A Python package for extracting data from invoices.

Project description

Invoice Extractor

The Invoice Extractor is a small utility that helps you extract data from invoices in PDF format. So you don't have to open pdf files one by one copy them etc..

It will output an xlsx file or csv file with sender (creditor), receipent (debtor), invoice date, total amount, tax, amount with tax etc. Alt Text

So you can dump invoices in a folder and then run this when you need to send your taxes.

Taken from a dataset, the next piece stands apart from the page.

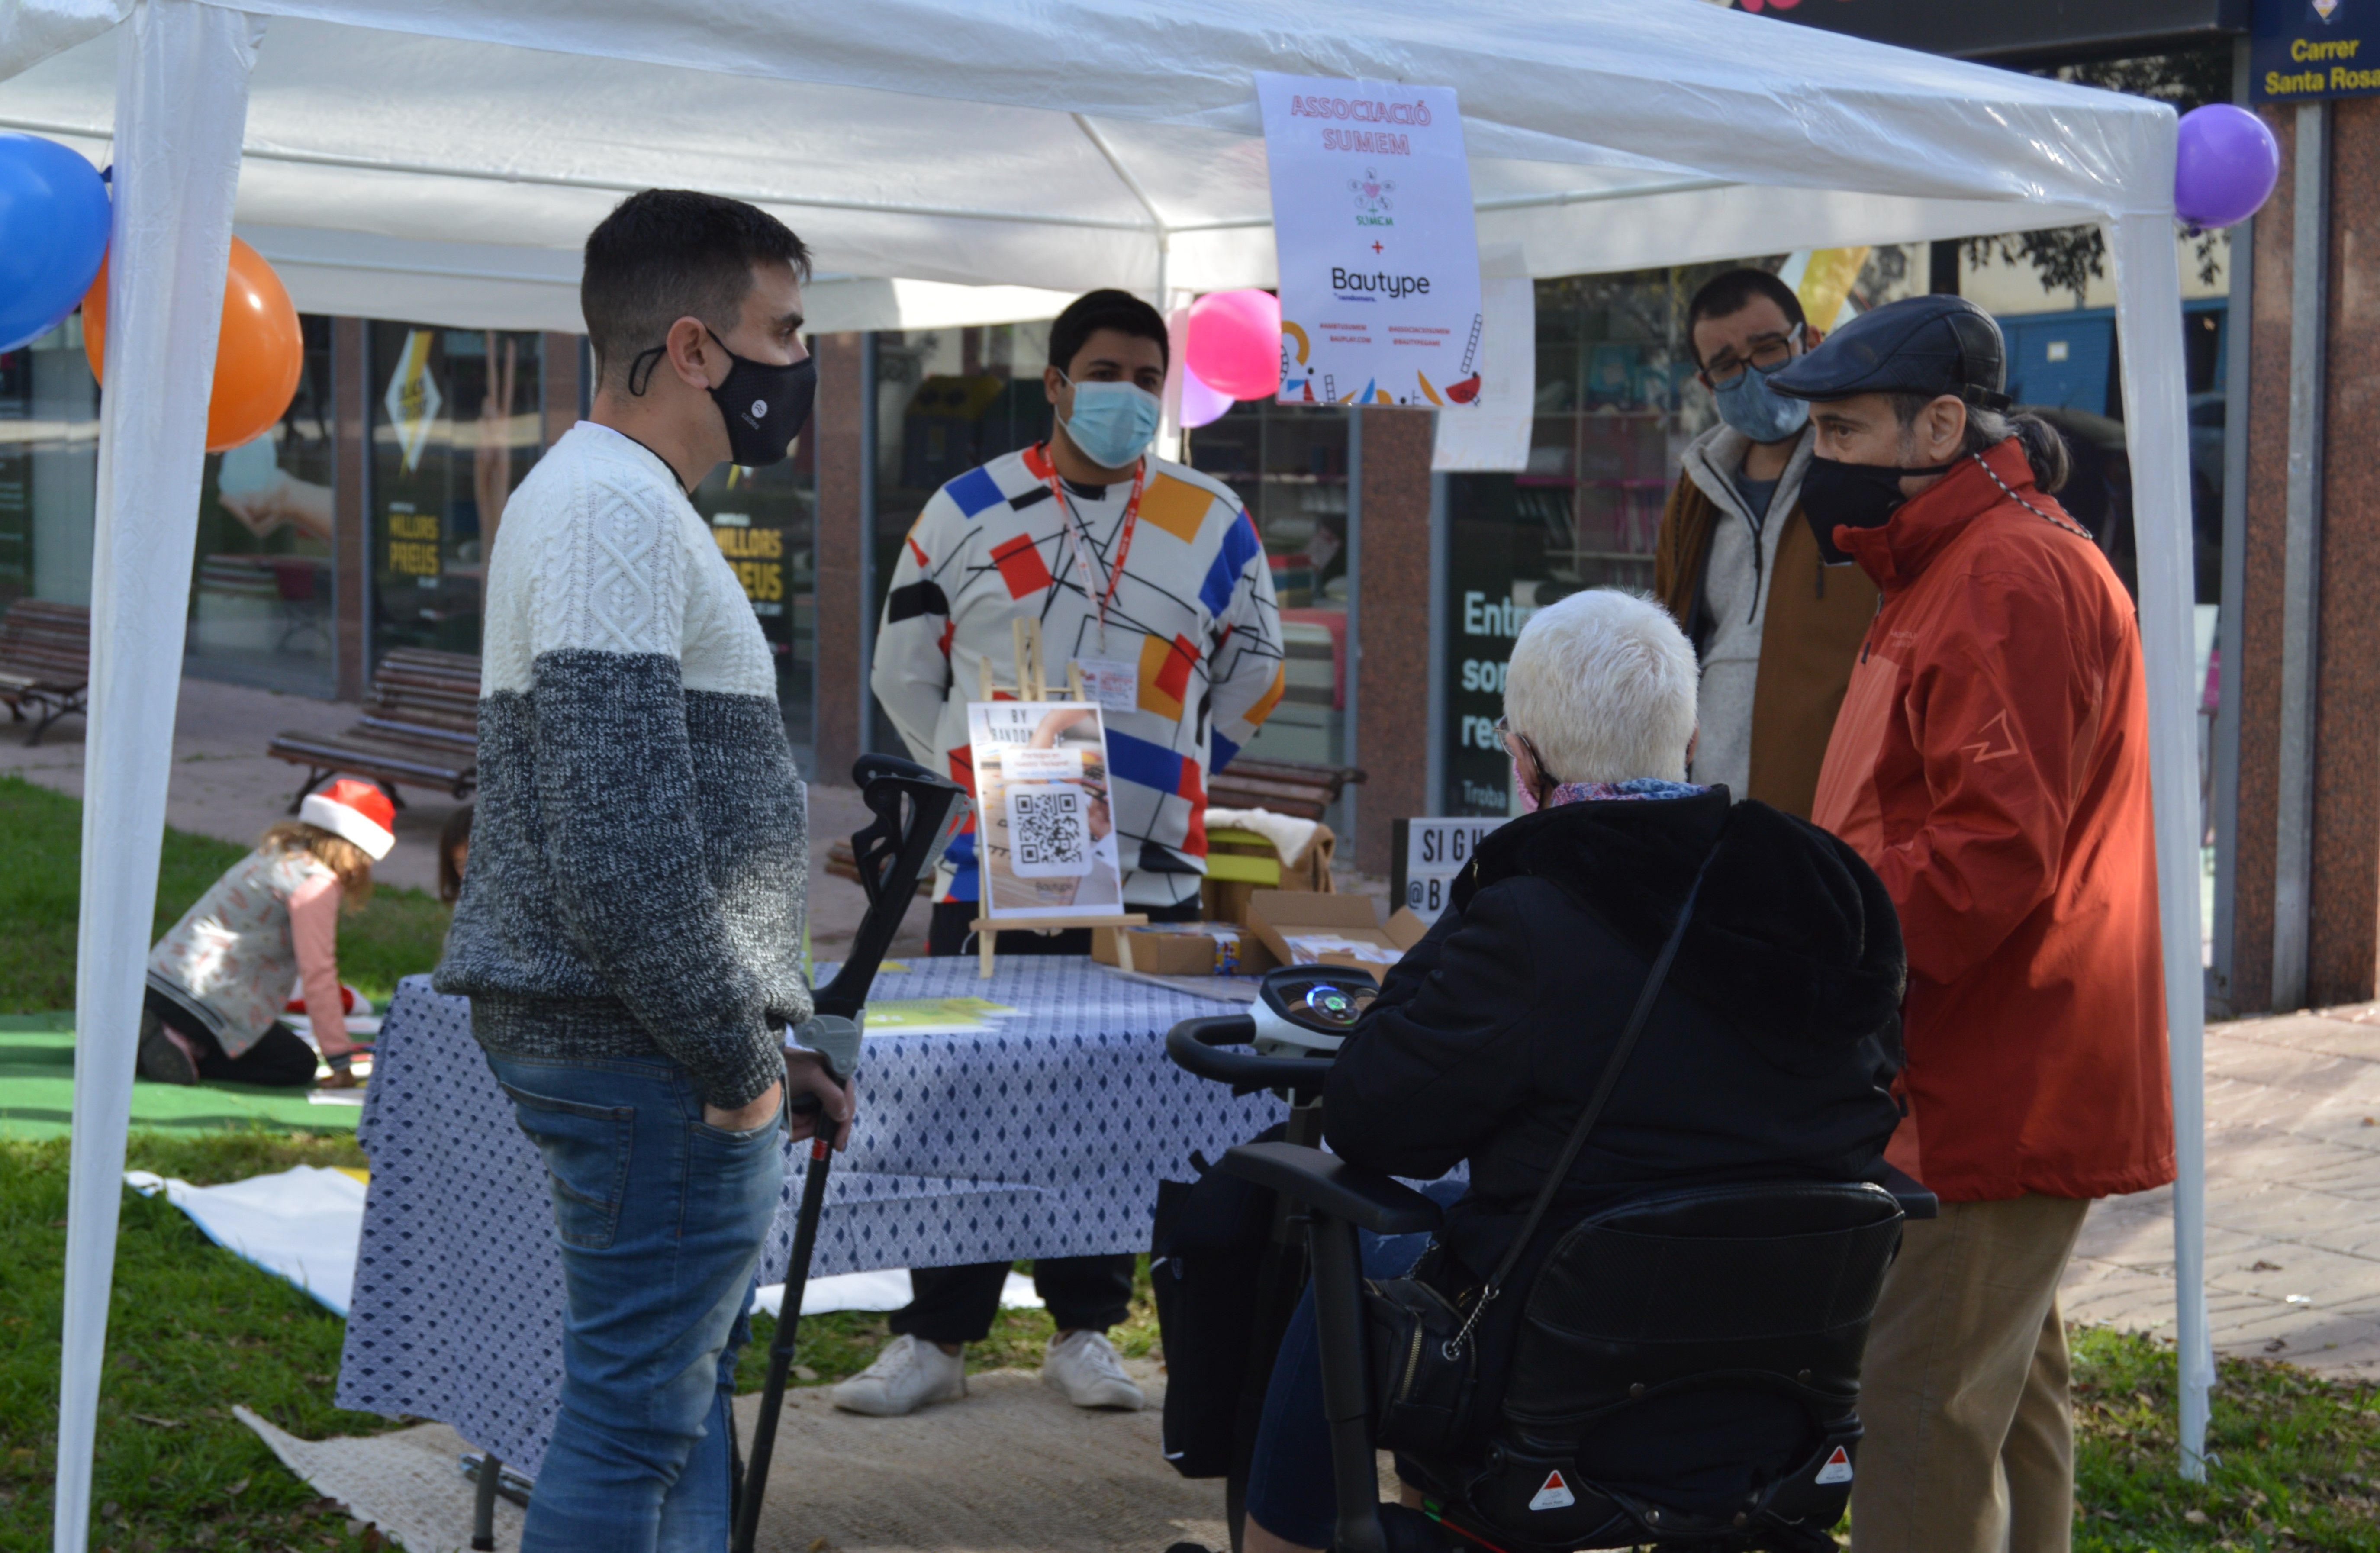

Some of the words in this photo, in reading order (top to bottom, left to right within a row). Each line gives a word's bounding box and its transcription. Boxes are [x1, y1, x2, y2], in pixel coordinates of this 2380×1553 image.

If you run it multiple times it will skip parsing existing files. It will parse and append new files only.

So you can add invoices in a folder and you can run this time to time.

It can also output a csv file.

How it works

We read the pdf, extract the data and then send to OpenAI ChatGPT.

Disclaimers:

  • If you have any privacy concerns regarding ChatGPT you might want to fork this repo and connect it to your own local llm.
  • This works for me, I've tried it with multiple different invoices - I keep listing my expenses like this. But statistically I have a very limited dataset. This means you can have issues, wrong data extracted etc. So might be better to double check things, especially for new invoice types.
  • This software is provided "as is" without warranty of any kind. The information and functionality provided by Invoice Extractor are for general informational purposes only and should not be considered as financial, legal, or professional advice. Use the software at your own risk. The project contributors and maintainers are not responsible for any loss, damage, or harm caused by the use of this software. Always consult with a qualified professional for any financial or legal matters.

Installation

  1. Make sure you have an OpenAI account and have an API key. If not visit https://openai.com/gpt-4.
  2. Export the api key
export OPENAI_API_KEY="sk-nct...."
  1. Make sure you have Python installed (Python 3.10 or later).
  2. Install the package using pip:
pip install InvoiceExtractor

Usage

The package provides a command-line interface (CLI) to extract data from PDF files. Here are the available commands:

process-dir

Process all PDF files in a directory. This will output an xlsx file by default with

invoice-extractor process-dir <directory_path>

The extracted data will be saved to a summary Excel file named summary.xls in the current directory.

Example

# Process all PDF files in a directory
invoice-extractor process-dir invoices_folder

extract-pdf

Extract data from a single PDF file.

# Extract data from a single PDF file
invoice-extractor extract-pdf --pdf-file <path_to_pdf_file>
# example
invoice-extractor extract-pdf --pdf-file invoice.pdf

Questions

Q: Does it work with only invoices in English

  • No, I use it with invoices in Dutch too, language doesn't matter

Q: Do I have to name files properly ?

  • No, we don't care about file names at all. Just if you change file name, it will think it's a new invoice

Q: I took a photo of an invoice...

  • Currently it doesn't work with images. I probably will integrate some ocr in future.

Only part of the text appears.